On Mon, 05 Nov 2007 09:42:31 -0500, Thomas Roessler <[EMAIL PROTECTED]> wrote:
On 2007-10-31 17:11:42 +0100, Anne van Kesteren wrote:
The scenario was doing cross-site XML POST as that might hurt
SOAP servers.  I seem to recall someone saying this is possible
with <form> POST as well though I'm not sure exactly how, but
only with XMLHttpRequest the Content-Type header would be an XML
MIME type.

Well, Xforms is built around the notion of submitting data in XML to
arbitrary destination URIs, and that spec enables automatic
submission (through POST) even without use of Javascript.

You'd only be vulnerable if you'd have a) XForms support and b) it does that. Seems rather theoretical and more a problem of XForms.

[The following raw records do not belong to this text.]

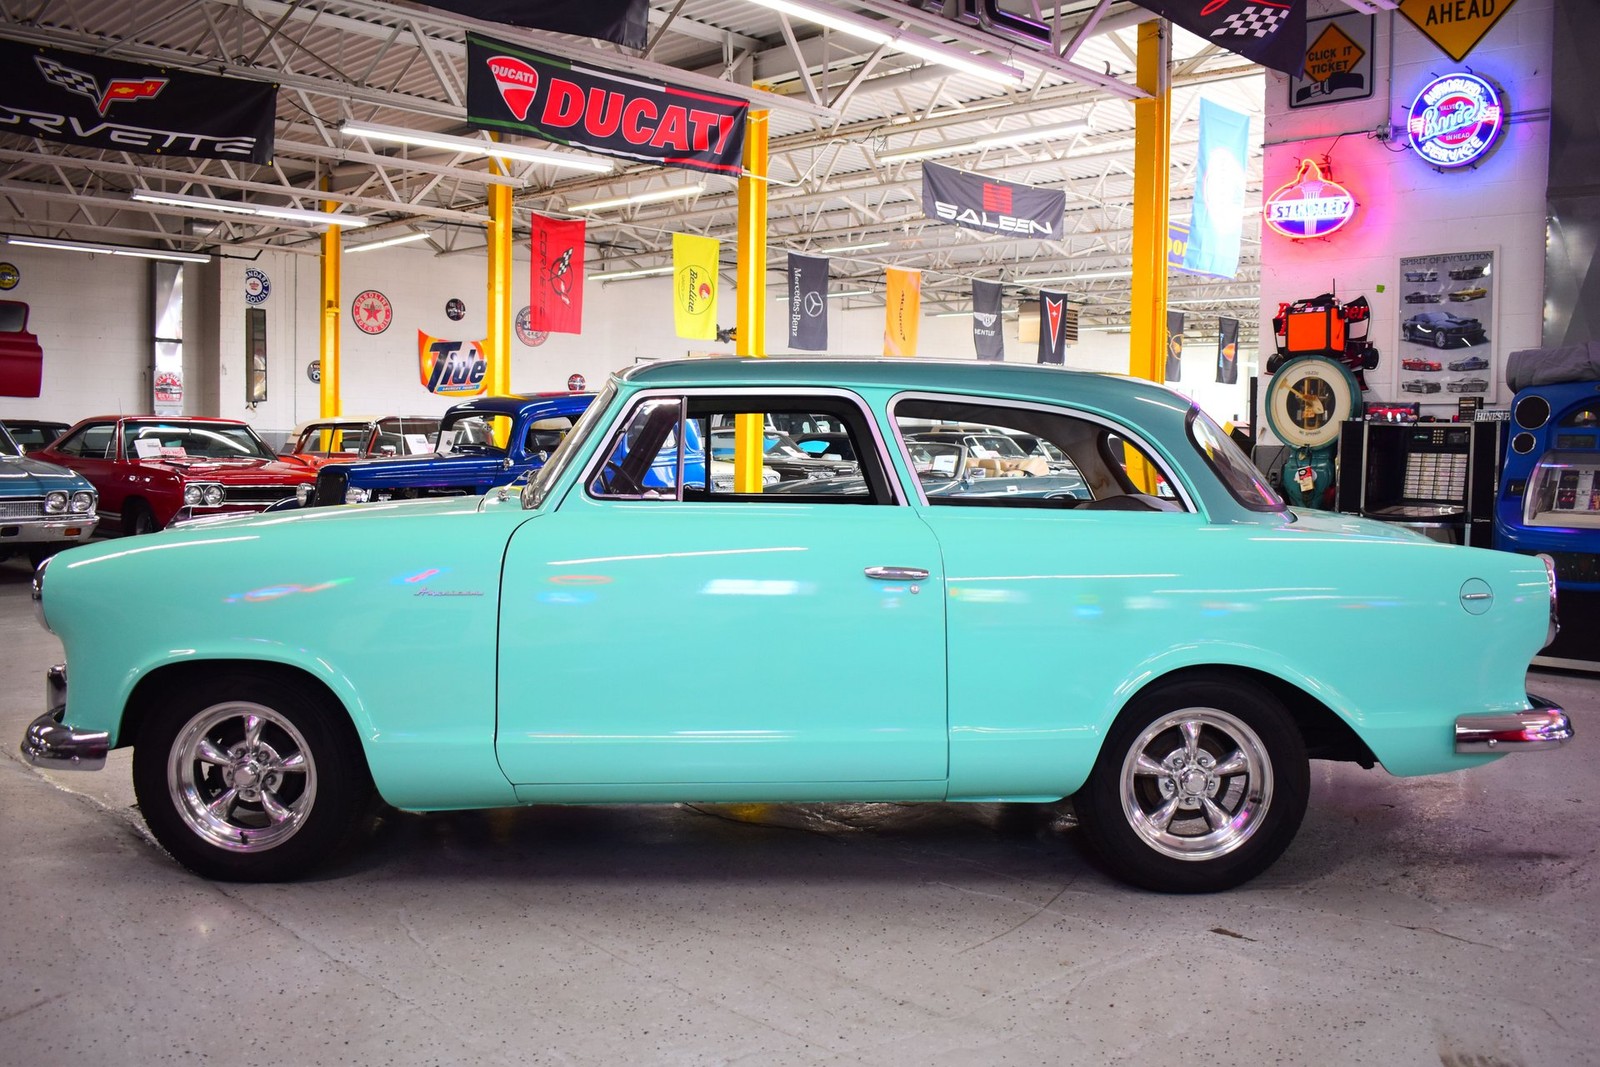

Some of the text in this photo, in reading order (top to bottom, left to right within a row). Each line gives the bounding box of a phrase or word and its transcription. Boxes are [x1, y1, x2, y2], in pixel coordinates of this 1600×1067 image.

[1425, 0, 1495, 26] AHEAD
[1308, 46, 1352, 62] CLICK IT
[1311, 60, 1349, 74] TICKET
[491, 63, 534, 84] DUCATI
[541, 78, 735, 155] DUCATI
[1422, 135, 1483, 161] SERVICE
[935, 201, 1053, 234] SALEEN
[1401, 252, 1493, 266] SPIRIT OF EVOLUTION
[540, 230, 548, 317] CORVETTE
[355, 292, 389, 307] GASOLINE
[688, 268, 698, 312] Beeline
[791, 267, 802, 337] Mercedes-Benz
[428, 341, 487, 393] Tide
[1477, 412, 1503, 421] HINES

Servers will have to deal with cross-site <form> POST, but
probably don't deal with cross-site XMLHttpRequest POST. As such,
XMLHttpRequest POST is not guaranteed to be as "safe" as
cross-site <form> POST is.

Please explain the differences from the perspective of the site that
needs to handle these requests, and explain how they are relevant
for the discussion at hand.

<form> POST is not relevant to the discussion at hand. XMLHttpRequest POST follows the model with Method-Check, etc.

You're not answering my question.

I don't understand it then, I suppose.


Requiring special server-side processing for an existing method
means a significant change in terms of deployment scenario.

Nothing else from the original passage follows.